この場合の「負担が重すぎない範囲」(サービスを提供する側の)とは、障害がない人と全く同じ対応ができない場合できる範囲の配慮(工夫)をすることと、そのような対応をすることを相手に伝え了承を得ることが含まれている。

〈ポイント3〉

「合理的配慮」は、サービスを提供する側が、「負担を超えた場合」あるいは「重すぎる負担」である場合は、可能な範囲の対応をし、それを伝え、了承を得ることで、申し出をした障害者の期待通りのサービスが提供されないことがある、ということを意味しています。
「重すぎる負担」とは、物理的、人員的、制度的、システム的に無理がある場合です。

《「合理的配慮」の重要ポイントとは?》

「合理的配慮」とは、一人ひとりの困りごとの場面に合わせた個別具体的な対応であるという性質を持っています。
実際に行われる合理的配慮の内容は、障害のある本人と周囲の環境によってさまざまに異なる。
つまり、ケースバイケースであり、マニュアル化、単純化はできない、ということです。

《「合理的配慮」の決定プロセス》

実際の合理的配慮の内容は、障害のある本人と周囲の環境によってさまざまに異なるため、以下のプロセスを踏むことが重要となる。

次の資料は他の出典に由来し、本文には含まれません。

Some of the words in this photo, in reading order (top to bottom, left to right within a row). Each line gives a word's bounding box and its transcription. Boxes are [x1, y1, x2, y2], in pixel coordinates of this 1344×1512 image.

  1. 本人や保護者・介助者から必要な配慮に関する意思表明をすること。
  2. 行政・企業などがどんな配慮ができるか検討し、本人と話し合うこと。
  3. どんな場面でどんな配慮ができるか、お互いに合意したうえで実施すること。
  4. 配慮を実施したあとも、定期的にその内容や程度について見直し・改善をすること。

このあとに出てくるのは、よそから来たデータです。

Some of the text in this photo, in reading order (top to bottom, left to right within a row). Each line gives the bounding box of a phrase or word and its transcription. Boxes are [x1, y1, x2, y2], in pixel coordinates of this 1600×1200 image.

要するに、「合理的配慮」とは、配慮を必要とする本人による意思表明があり、配慮を実施する事業者との対話と合意によってなされるもの、ということ。

《「合理的配慮」が提供されない場合とは?》

障害者が合理的配慮を求めても、合理的配慮が得られないケースも当然あります。
「障害者権利条約」では、合理的配慮を受けられないケースが示されています。

同法第2条では、合理的配慮を「特定の場合において、必要とされるものであり、かつ、均衡を失した又は過度の負担を課さないもの」としているのです。

合理的配慮の「合意的」とは、サービスを提供する側と障害者の相互に合意するという意味となります。

〈ポイント4〉

要するに、「合理的配慮」には、「均衡を失した又は過度の負担を課さないもの」という制限が設けられている、ということです。
ですから、一方的に障害者側の要求がそのまま受け入れられる訳ではないのです!

《「合理的配慮」の名のもとに「配慮」が強引に強要されると?》

ある人に対して、サービスを提供する側の能力を超えるような過度な負担(特定の配慮)を行なおうとすると、他の人たちの生活や活動が困難又は支障がでるほどの影響が生じる可能性がでてきます。

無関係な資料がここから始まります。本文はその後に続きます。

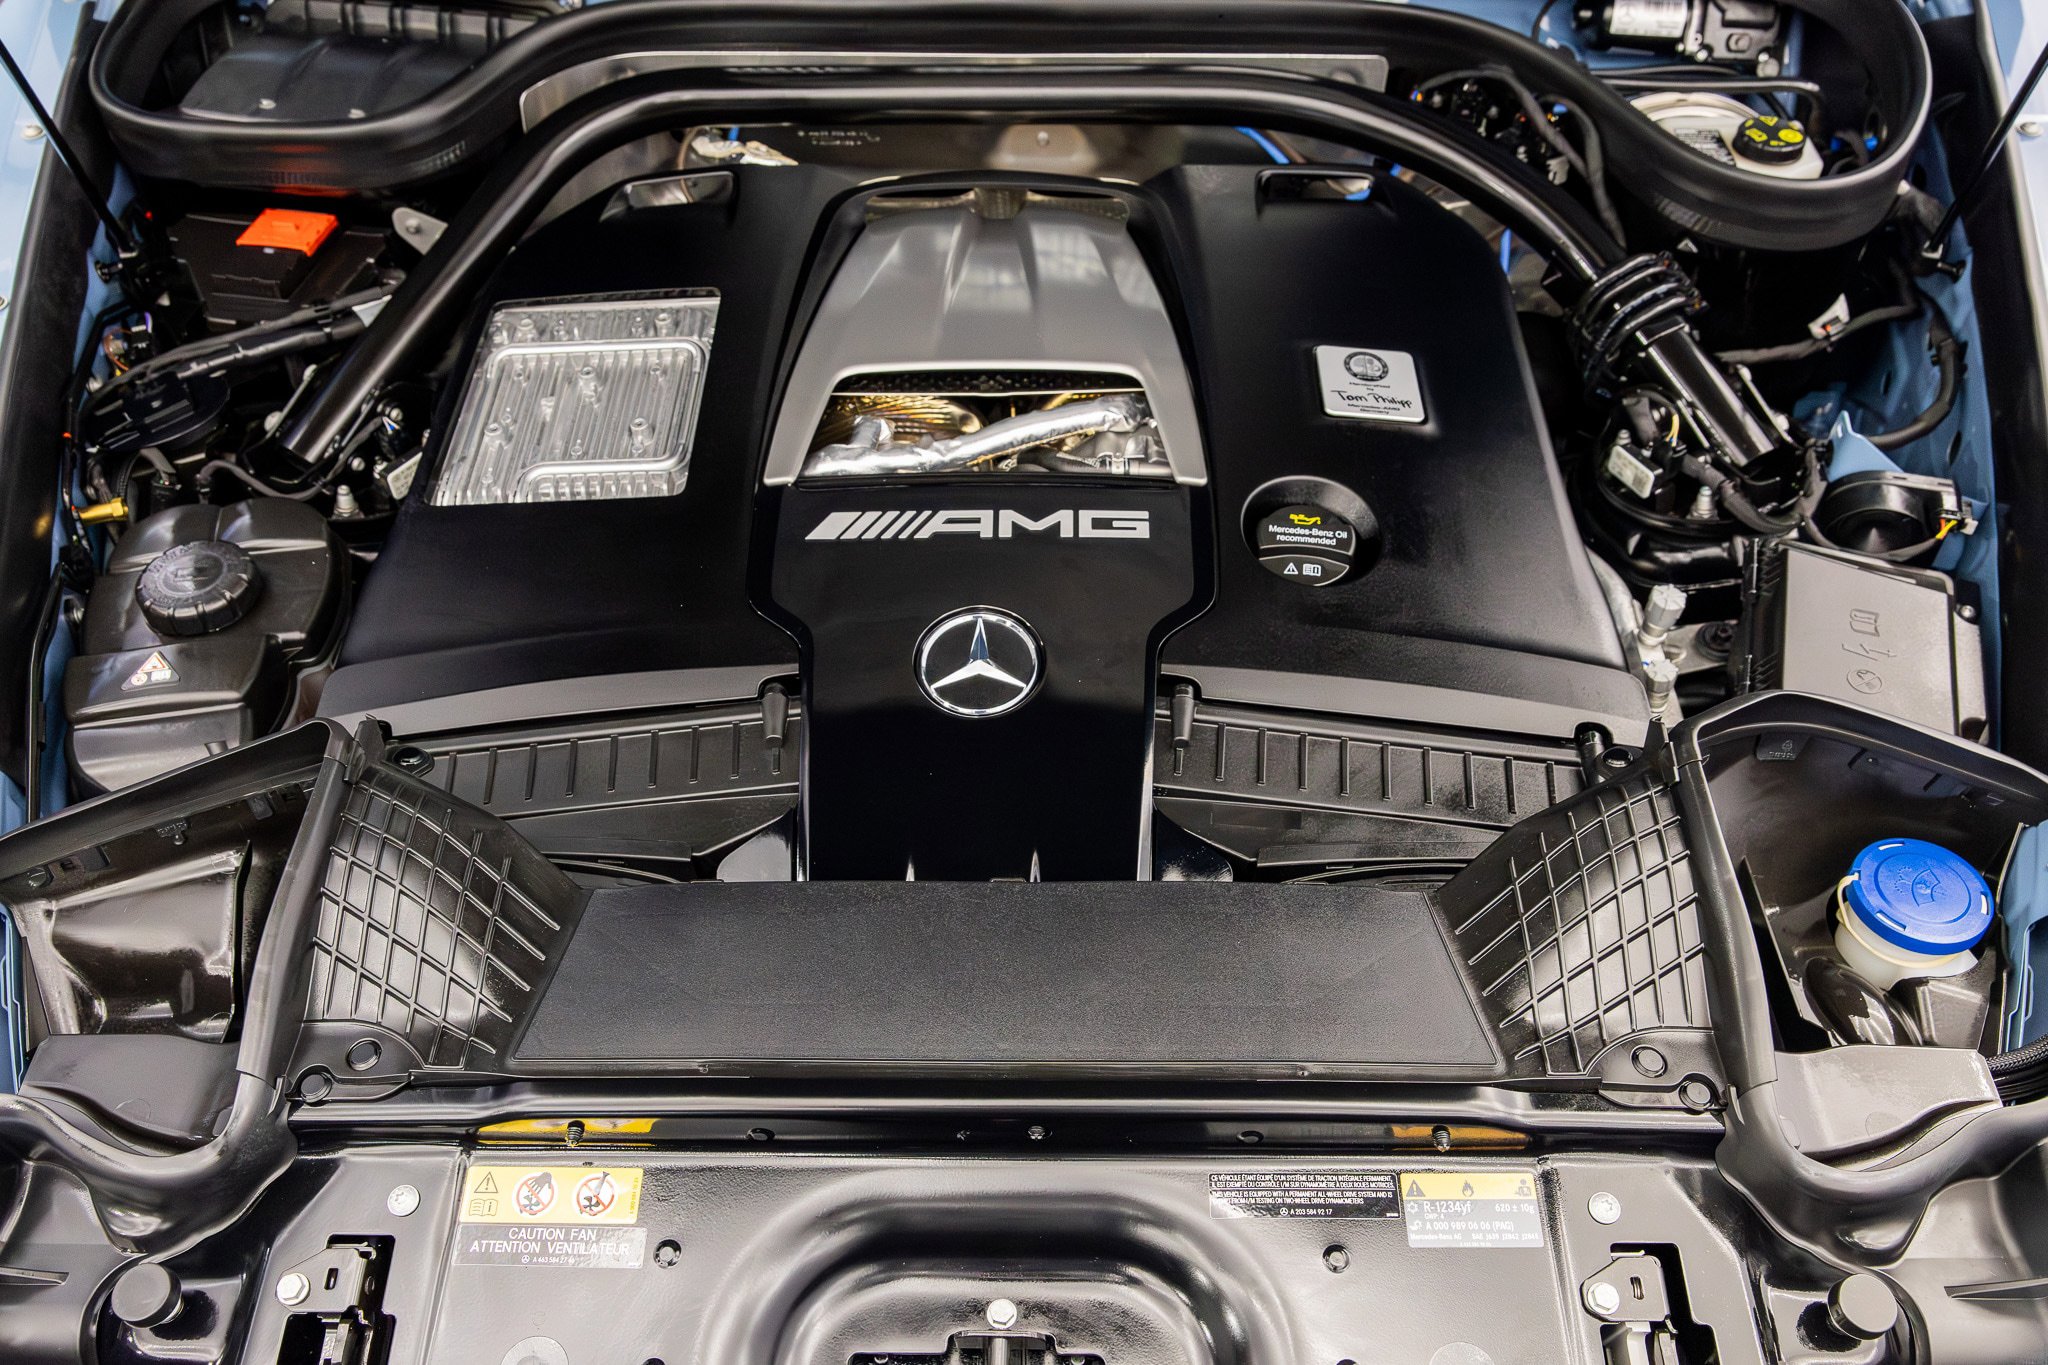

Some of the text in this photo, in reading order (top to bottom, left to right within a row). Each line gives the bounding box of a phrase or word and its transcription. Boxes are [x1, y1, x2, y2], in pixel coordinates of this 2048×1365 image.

[1330, 390, 1368, 402] Tom
[914, 509, 1150, 539] AMG
[1268, 524, 1347, 539] Mercedes-Benz Oil
[1276, 533, 1336, 546] recommended
[1423, 1201, 1471, 1216] R-1234yf
[1495, 1203, 1510, 1212] 620
[1520, 1203, 1535, 1214] 10g
[1426, 1220, 1514, 1232] A 000 989 06 06 (PAG)
[508, 1227, 597, 1241] CAUTION FAN
[470, 1240, 629, 1255] ATTENTION VENTILATEUR

つまり、障害者の申し出を何から何まで無条件に「配慮」という名のもとに行ってしまうと、障害者ではない利用者が本来受けられるサービスを受けられなくなるといった状況が生じてしまう可能性があります。

〈ポイント5〉

「合理的配慮」を求められても、「過重な負担」である場合、それを理由として配慮を求めた本人にその理由を説明することで、「合理的配慮」を無理に実行しなくてもいい、ということです。

(ただし、その場合は、次善の策を講じる努力が求められる)

(参考情報、「仕事ナビ」「atGP」など)

『【後編】~伊是名氏が誹謗中傷(?)されないためにすること、とは?~』につづく。

最後までお読みいただき、ありがとうござりんした!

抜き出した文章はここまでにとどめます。